Foto: MTI/ Lajos Soós

Ignazio Cassis in Budapest:

Die Schweiz möchte Frieden mit den Russen 

Die Verteidigung der eigenen Souveränität, das Eintreten für Frieden und das Nein zur illegalen Migration sind Punkte, die Ungarn mit der Schweiz teilt. Das zeigte die gemeinsame Pressekonferenz der Außenminister Ignazio Cassis und Péter Szijjártó am Donnerstag in Budapest.

„Ungarn ist der Schweiz schon immer mit besonderer Hochachtung begegnet“, erklärte der Gastgeber mit Verweis auf die Ereignisse von 1956, als viele von den Kommunisten zur Flucht getriebene Ungarn in der Schweiz eine zweite Heimat fanden.

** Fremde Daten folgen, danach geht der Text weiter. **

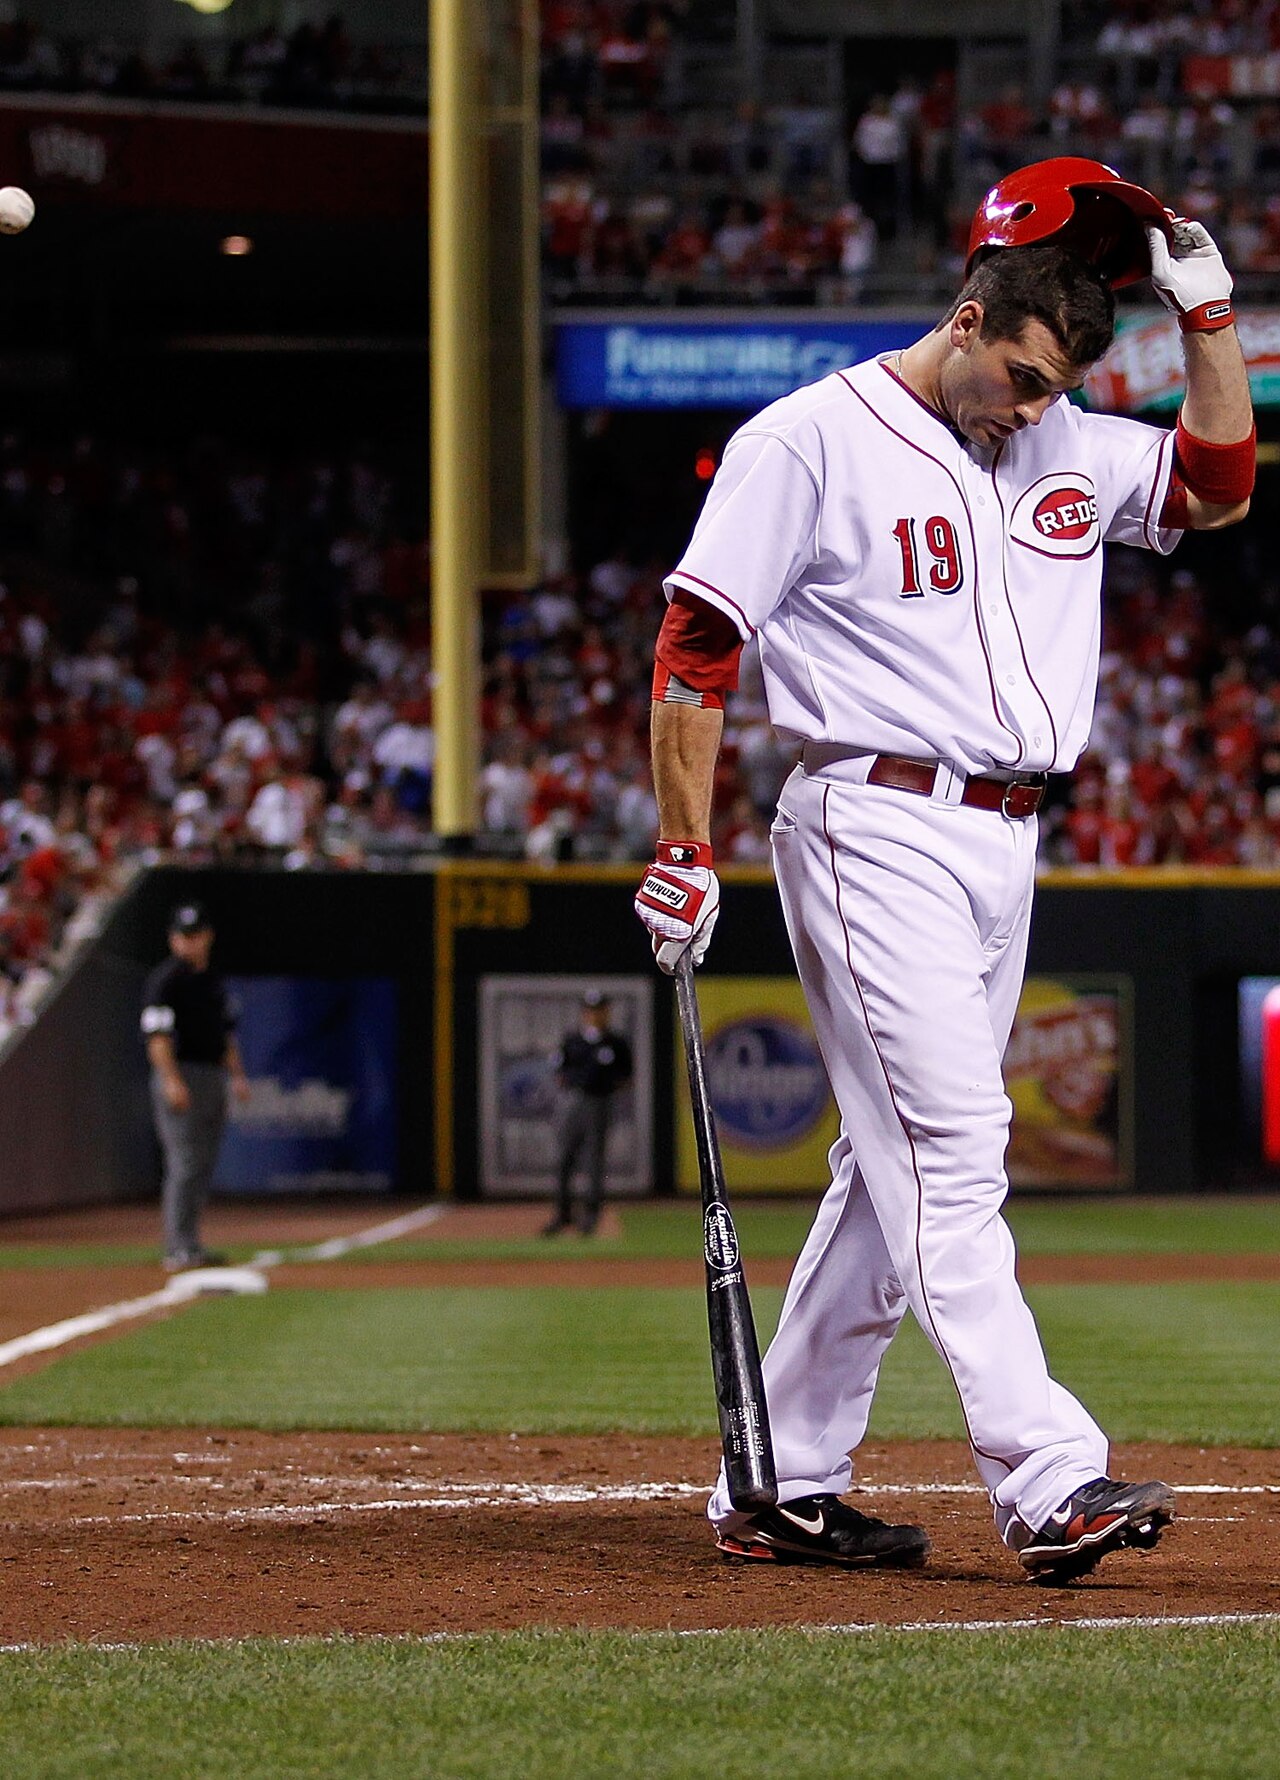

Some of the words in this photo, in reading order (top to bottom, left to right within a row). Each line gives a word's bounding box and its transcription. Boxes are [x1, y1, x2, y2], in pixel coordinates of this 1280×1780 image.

Es schwinge aber auch eine Bewunderung mit, wie die Schweiz ihre Souveränität verteidigt und für den Weltfrieden eintritt. Spätestens seit der europäischen Migrationskrise von 2015 gebe es eine weitere Gemeinsamkeit der beiden Länder.

Patrioten unter Druck

Leider halte die heutige EU-Führung nicht nur an ihrer verfehlten Einwanderungspolitik fest, sie erhöht obendrein den Druck auf Mitgliedstaaten, deren Regierungen eine patriotische Politik bevorzugen. Szijjártó begrüßte die Friedensinitiative der Schweiz, verwies jedoch darauf, dass für einen erhofften Erfolg alle Kriegsparteien am Tisch sitzen müssten. Budapest verspricht Bern, die Ratspräsidentschaft im II. Halbjahr zu nutzen, um die institutionellen Beziehungen zwischen EU und Schweiz enger zu knüpfen. Dazu gehöre eine Rückkehr der Schweiz in die akademischen Austauschprogramme Horizont und Erasmus+ (von denen Ungarn selbst bekanntlich politisch motiviert ausgeschlossen wurde).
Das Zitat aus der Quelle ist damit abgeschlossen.